Nonetheless, the key highlight is AWS’s attempts to further accelerate distributed training through data parallelism. The current industry-leading distributed training method was introduced by Uber in 2017. Horovod is an open source framework that enables developers to scale AI training across multiple Graphic Processing Units (GPUs) using a single script for TensorFlow, Keras, PyTorch, and MXNet. Horovod allows the GPUs to process the training data, to share the information among themselves, and to update the model in a decentralized manner. However, this creates a huge bottleneck in network bandwidth as AI datasets increase in size. AWS’s solution is to add CPUs to the mix and requires the GPUs to communicate only to the CPUs. Once the GPUs have completed processing the training data, the update will be sent to the CPUs for AI model updates and then shared with the GPUs. This minimizes the communications among GPUs and allows the GPUs to focus mainly on data processing.
Shortening ML model development time is the competitive moat that AWS aims to bring to the table.

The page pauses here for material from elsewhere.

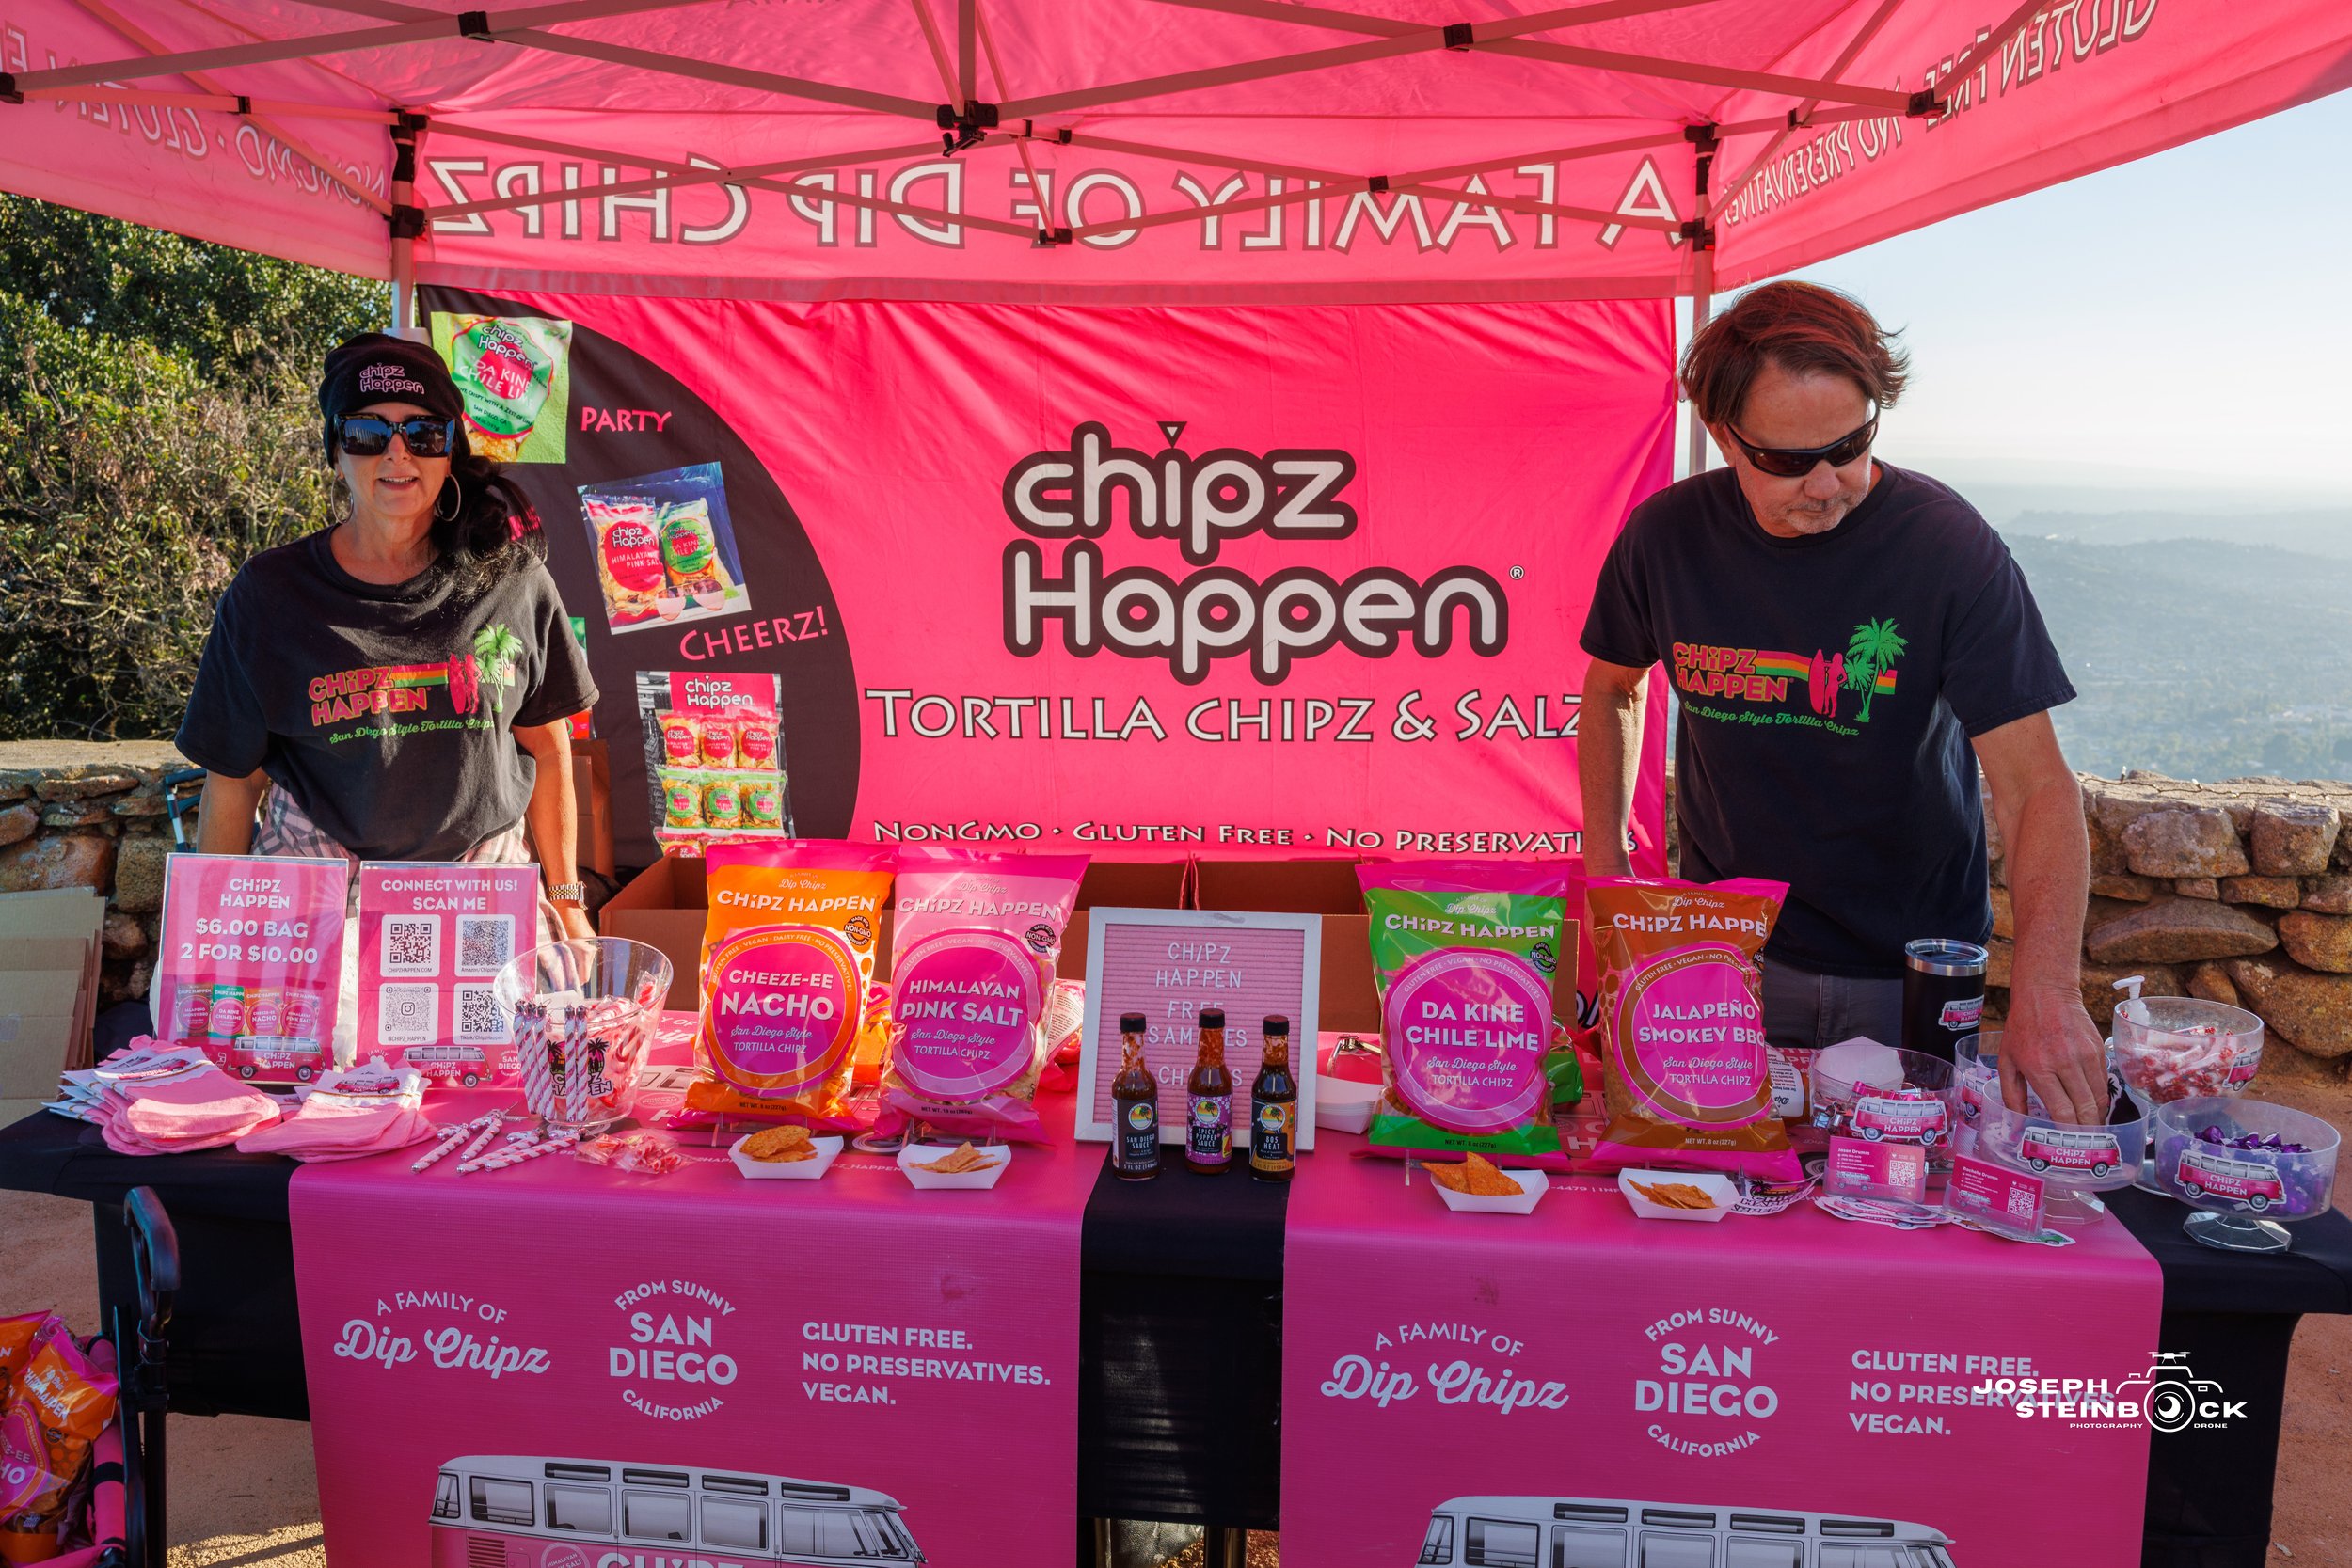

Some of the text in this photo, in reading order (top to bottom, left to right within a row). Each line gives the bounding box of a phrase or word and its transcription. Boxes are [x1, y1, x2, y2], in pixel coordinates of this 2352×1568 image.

Granted, other cloud competitors are offering or will offer a similar set of capabilities. AI chipset vendors themselves are also working very closely with the developer community and making their hardware solutions more accessible to ML developers. A prime example is Intel’s oneAPI strategy, which allows developers to deploy their workloads across Intel’s portfolio of heterogenous chipsets in the data center environment. Developers only need to maintain a single code base using Data Parallel C++ as the programming language to perform cross-architecture programming.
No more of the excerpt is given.